S’agissant de la décision lui interdisant le retour sur le territoire français pour une durée de deux ans :
Aux termes de l’article L. 612-6 du code de l’entrée et du séjour des étrangers et du droit d’asile : « Lorsqu’aucun délai de départ volontaire n’a été accordé à l’étranger, l’autorité administrative assortit la décision portant obligation de quitter le territoire français d’une interdiction de retour sur le territoire français. (…) ».
Il résulte de ce qui précède, et sans qu’il soit besoin de se prononcer sur les autres moyens dirigés contre cette décision, que la décision interdisant à M. A… de retourner sur le territoire français pendant une durée deux ans doit être annulée par voie de conséquence de l’annulation de la décision portant refus d’octroi d’un délai de départ volontaire.
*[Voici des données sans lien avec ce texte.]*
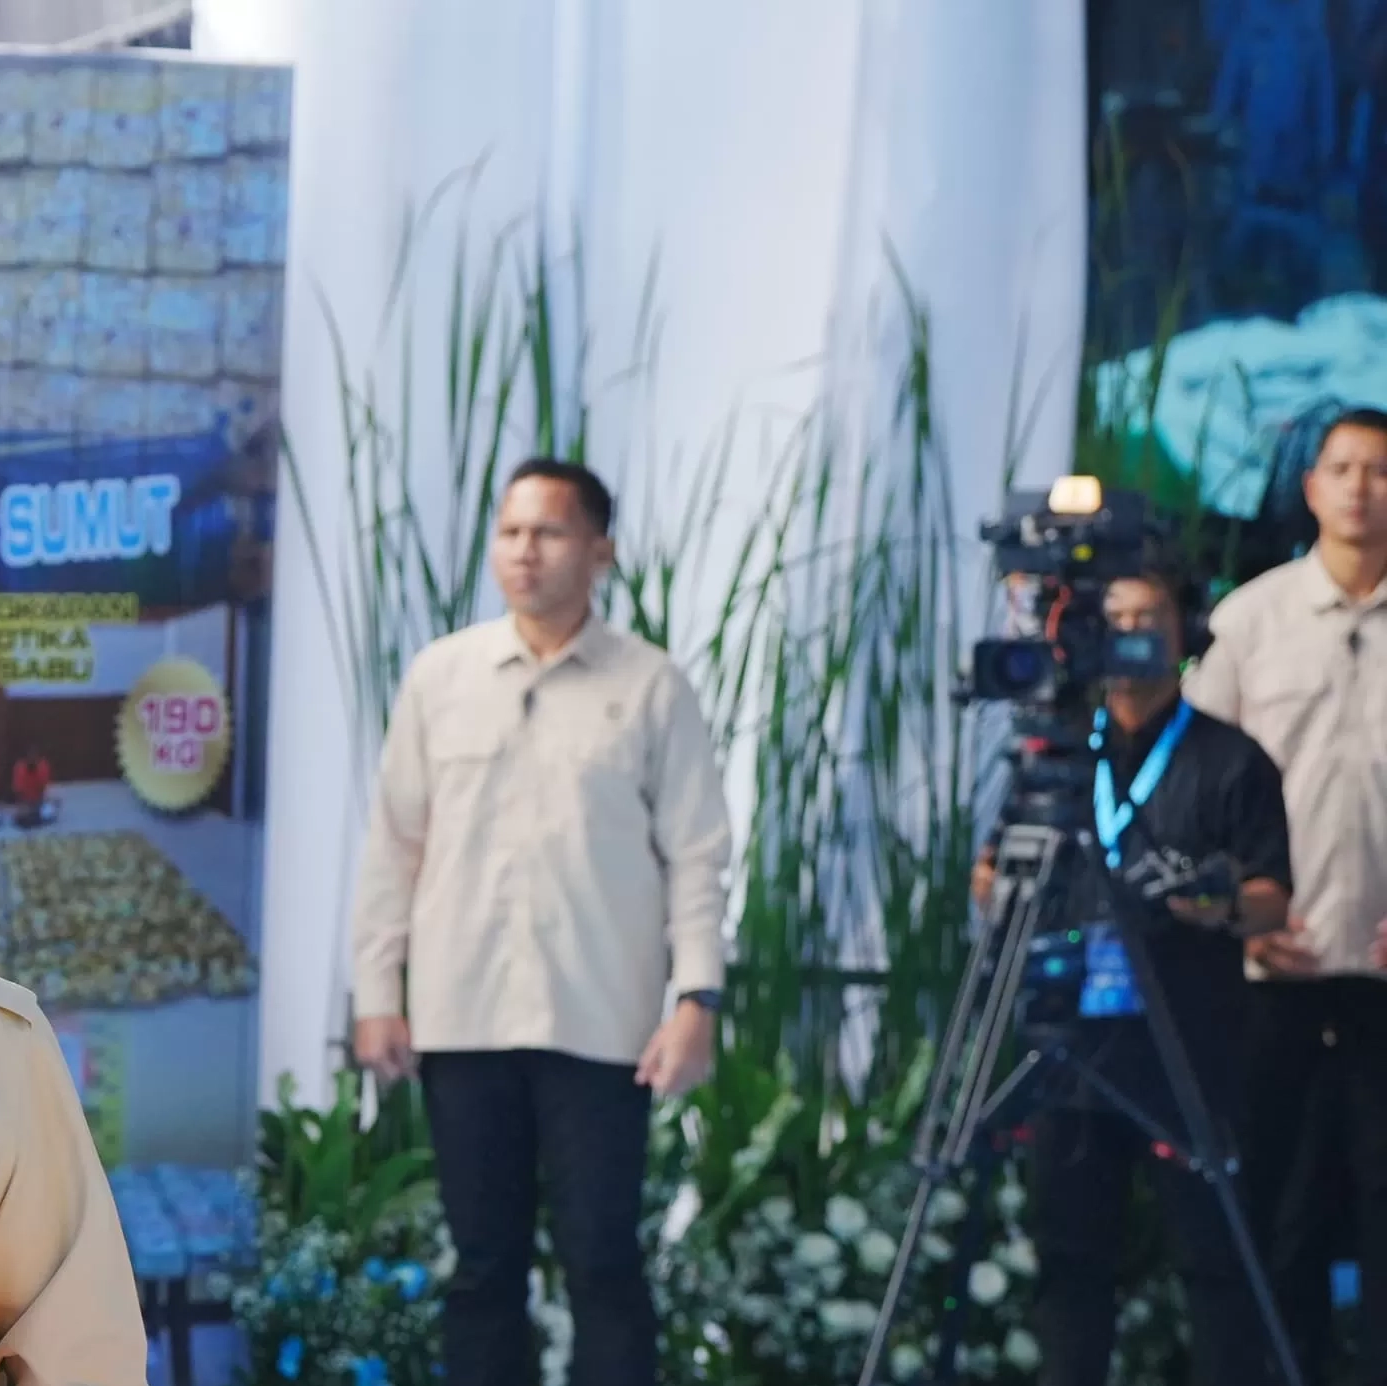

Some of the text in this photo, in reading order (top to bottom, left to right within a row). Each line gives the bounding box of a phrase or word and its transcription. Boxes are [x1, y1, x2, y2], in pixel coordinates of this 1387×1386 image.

Il résulte de tout ce qui précède que M. A… est seulement fondé à demander l’annulation des décisions du 11 mars 2025 du préfet du Val de Marne portant refus de délai de départ volontaire et interdiction de retour sur le territoire français.
Sur les conclusions présentées au titre de l’article L. 761-1 du code de justice administrative :
Il n’y a pas lieu, dans les circonstances de l’espèce, de faire droit aux conclusions de M. A… présentées sur le fondement de l’article L. 761-1 du code de justice administrative.
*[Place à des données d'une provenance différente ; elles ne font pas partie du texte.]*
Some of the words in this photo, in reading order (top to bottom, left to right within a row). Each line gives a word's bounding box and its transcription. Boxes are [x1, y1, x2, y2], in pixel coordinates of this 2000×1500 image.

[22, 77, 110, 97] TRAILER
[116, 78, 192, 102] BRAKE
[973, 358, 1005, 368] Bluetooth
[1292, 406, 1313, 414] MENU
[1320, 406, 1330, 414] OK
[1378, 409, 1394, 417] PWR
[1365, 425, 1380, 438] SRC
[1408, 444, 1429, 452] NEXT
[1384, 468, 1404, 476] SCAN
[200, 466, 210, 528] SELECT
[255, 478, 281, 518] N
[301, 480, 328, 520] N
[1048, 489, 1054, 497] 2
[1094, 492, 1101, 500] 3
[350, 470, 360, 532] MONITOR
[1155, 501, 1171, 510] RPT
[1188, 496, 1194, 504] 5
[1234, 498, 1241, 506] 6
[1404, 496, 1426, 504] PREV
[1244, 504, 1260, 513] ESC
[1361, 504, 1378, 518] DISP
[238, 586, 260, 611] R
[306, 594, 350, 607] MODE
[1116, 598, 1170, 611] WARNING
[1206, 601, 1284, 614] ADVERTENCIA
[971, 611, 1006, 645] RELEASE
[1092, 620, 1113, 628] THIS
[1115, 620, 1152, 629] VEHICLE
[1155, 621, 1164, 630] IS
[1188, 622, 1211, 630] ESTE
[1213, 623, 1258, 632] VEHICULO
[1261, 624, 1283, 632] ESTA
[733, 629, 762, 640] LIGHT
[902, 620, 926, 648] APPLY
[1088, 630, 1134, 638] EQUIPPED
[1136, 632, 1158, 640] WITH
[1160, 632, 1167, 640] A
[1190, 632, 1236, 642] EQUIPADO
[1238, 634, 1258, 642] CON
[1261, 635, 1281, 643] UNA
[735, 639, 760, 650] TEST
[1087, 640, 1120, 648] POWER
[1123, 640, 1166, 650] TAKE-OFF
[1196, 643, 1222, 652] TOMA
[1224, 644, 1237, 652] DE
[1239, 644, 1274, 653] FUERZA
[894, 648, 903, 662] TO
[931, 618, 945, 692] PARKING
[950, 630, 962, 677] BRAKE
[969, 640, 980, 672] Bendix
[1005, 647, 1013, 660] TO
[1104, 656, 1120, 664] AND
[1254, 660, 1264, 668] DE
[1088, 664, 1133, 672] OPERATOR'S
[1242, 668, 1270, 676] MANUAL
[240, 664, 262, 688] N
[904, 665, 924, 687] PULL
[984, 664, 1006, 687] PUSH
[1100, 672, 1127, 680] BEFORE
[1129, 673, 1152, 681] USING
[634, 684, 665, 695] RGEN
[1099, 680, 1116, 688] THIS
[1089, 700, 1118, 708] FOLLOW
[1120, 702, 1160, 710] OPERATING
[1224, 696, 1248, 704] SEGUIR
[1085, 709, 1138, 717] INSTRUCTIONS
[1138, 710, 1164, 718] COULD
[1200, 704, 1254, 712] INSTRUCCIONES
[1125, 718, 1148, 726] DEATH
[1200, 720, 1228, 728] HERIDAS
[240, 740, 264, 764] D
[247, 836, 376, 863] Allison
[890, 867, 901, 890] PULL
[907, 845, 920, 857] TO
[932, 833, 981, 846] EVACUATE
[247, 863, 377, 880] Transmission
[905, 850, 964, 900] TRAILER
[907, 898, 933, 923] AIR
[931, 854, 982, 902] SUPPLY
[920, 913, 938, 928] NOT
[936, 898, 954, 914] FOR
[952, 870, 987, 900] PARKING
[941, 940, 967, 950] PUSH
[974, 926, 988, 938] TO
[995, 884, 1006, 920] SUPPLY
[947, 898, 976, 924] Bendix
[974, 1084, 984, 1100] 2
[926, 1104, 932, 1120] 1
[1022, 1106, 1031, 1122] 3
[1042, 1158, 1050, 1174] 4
Sur l’exécution du jugement :
Aux termes de l’article L. 614-17 du code de l’entrée et du séjour des étrangers et du droit d’asile : « Si la décision de ne pas accorder de délai de départ volontaire est annulée, il est immédiatement mis fin aux mesures de surveillance prévues aux articles L. 731-1, L. 731-3, L. 741-1 et L. 743-13, et le président du tribunal administratif ou le magistrat désigné à cette fin rappelle à l’étranger son obligation de quitter le territoire français dans le délai qui lui sera fixé par l’autorité administrative en application des articles L. 612-1 ou L. 612-2. Ce délai court à compter de sa notification ».
En application de ces dispositions, il y a lieu de rappeler à M. A… qu’il doit quitter le territoire français dans le délai qui lui sera fixé par l’autorité administrative en application des articles L. 612-1 ou L. 612-2 du code de l’entrée et du séjour des étrangers et du droit d’asile, ce délai courant à compter de sa notification.
D E C I D E :
Article 1er : L’arrêté du 11 mars 2025 du préfet du Val de Marne est annulé en tant qu’il refuse à M. A… l’octroi d’un délai de départ volontaire et prononce à son encontre une interdiction de retour sur le territoire français pour une durée de deux ans.
Article 2 : Le surplus des conclusions de la requête est rejeté.
Article 3 : Le présent jugement sera notifié à M. D… A… et au préfet du Val de Marne.
Délibéré après l’audience du 21 octobre 2025, à laquelle siégeaient :
M. Doré, président,
Mme L’Hermine, première conseillère,
Mme Hardy, première conseillère.
Rendu public par mise à disposition au greffe le 12 novembre 2025.
Le président,
signé
F. Doré
L’assesseure la plus ancienne,
signé
M. L’Hermine
La greffière,
signé
S. Paulin
La République mande et ordonne au préfet du Val de Marne en ce qui le concerne, ou à tous commissaires de justice à ce requis, en ce qui concerne les voies de droit commun contre les parties privées, de pourvoir à l’exécution de la présente décision.